Similar to the 2D spatial KDE, larger bandwidths may result in smooth
surface while smaller bandwidths may result in the lack of trending patterns,
so we need to calibrate both spatial and temporal bandwidths of STKDE based
on the experiments with actual datasets.
The results of STKDE are volume data, i.e., 3D-grids. Direct visualization
of such STKDE would require four-dimensional space because of their
volumetric data structure consisting of 2D geographic space, time and another
one for the density estimation scalar. Such volume visualization is not very
common in GIS but very popular in geophysics, geology, medical science, and
in computer graphics (Kaufman, 1990).
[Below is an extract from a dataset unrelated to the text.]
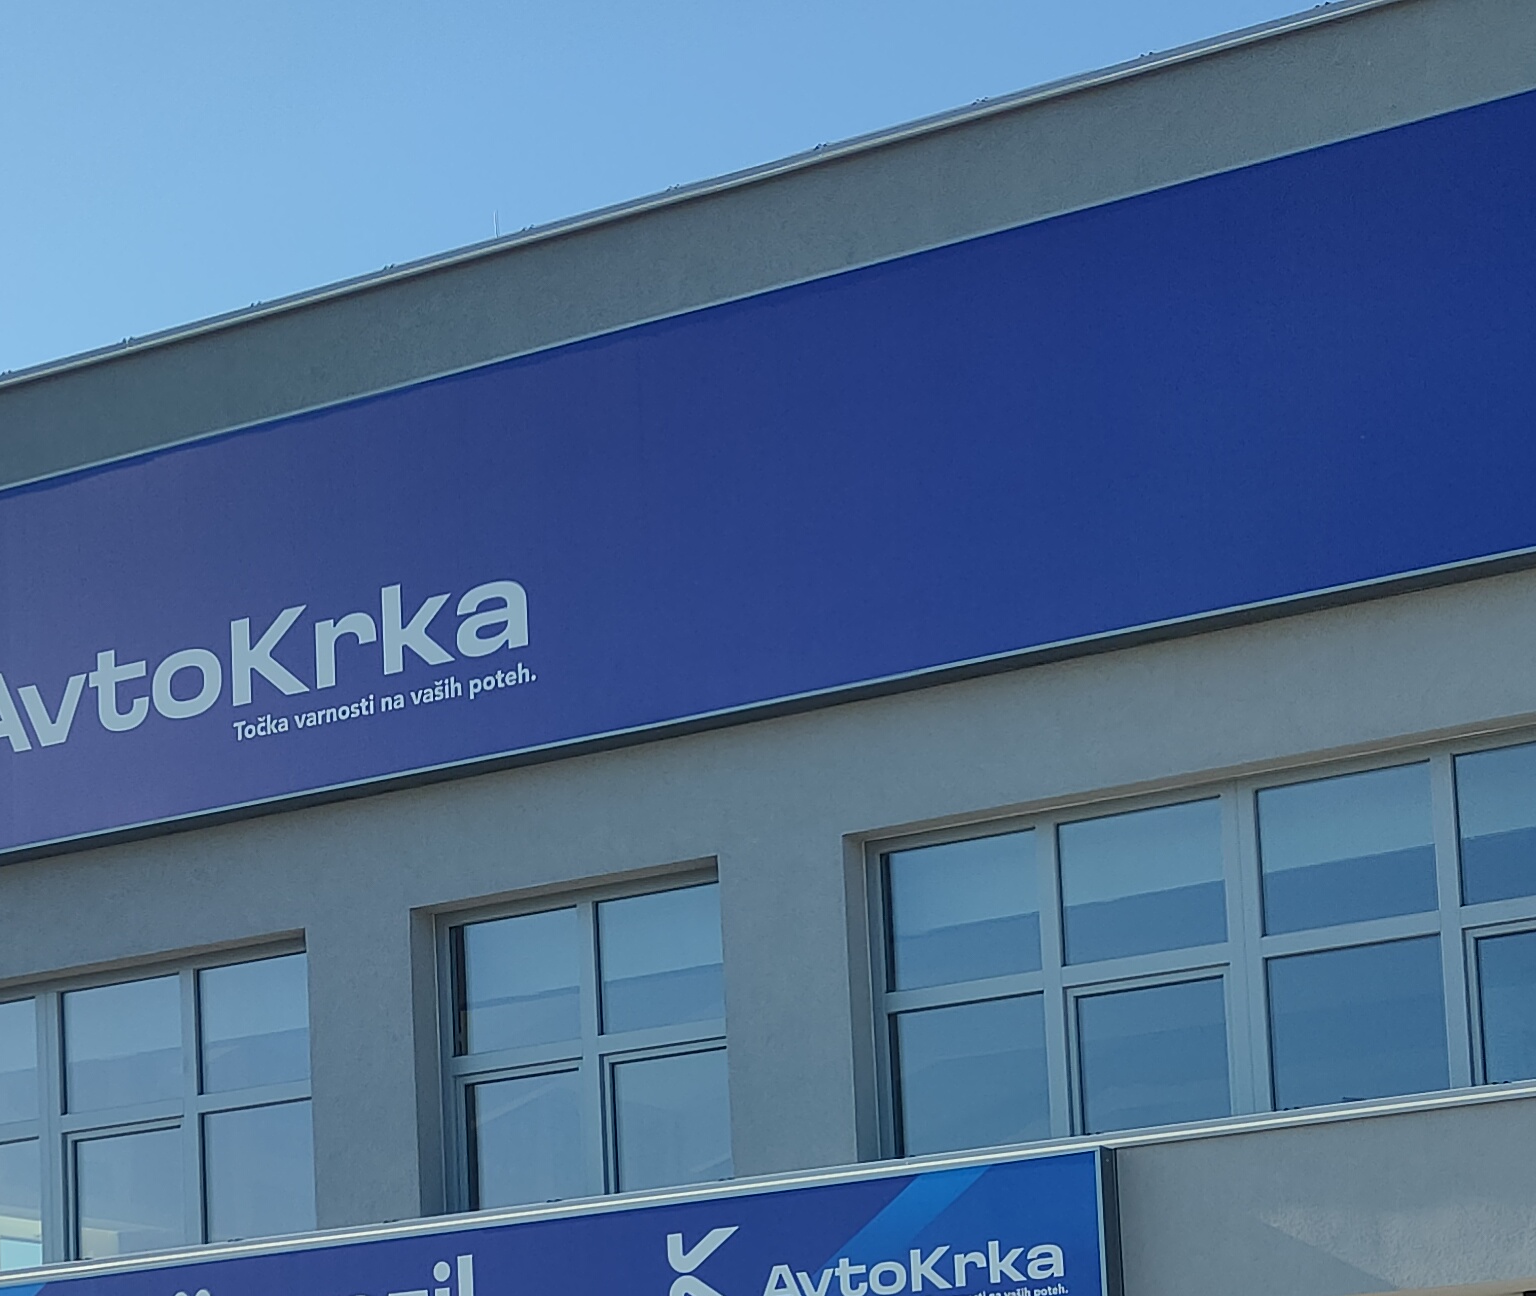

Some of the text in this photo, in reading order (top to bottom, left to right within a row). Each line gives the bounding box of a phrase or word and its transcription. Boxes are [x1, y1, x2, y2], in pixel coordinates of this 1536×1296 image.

[233, 662, 538, 741] Točka varnosti na vaših poteh.
The three main approaches for volume
visualization were discussed by Demšar and Virrantaus (2010): (1) direct
volume rendering by assigning color and transparency to voxels; (2) isosurface
that is the equivalent of isoline connecting points of equal value on a two-
dimensional map; and (3) volume slicing by planes. We apply the volume
slicing approach with color schema and transparency to the voxels regarding
the consistency of KDE visualization in GIS.
2.3. Spatio-Temporal Autocorrelation Analysis
Analyzing spatio-temporal autocorrelation structures of human activities
would be helpful to understand the urban dynamic patterns in space and time
simultaneously. In statistics, autocorrelation can be taken as the correlation of
a variable with a lagged specification of itself (Box et al., 2008).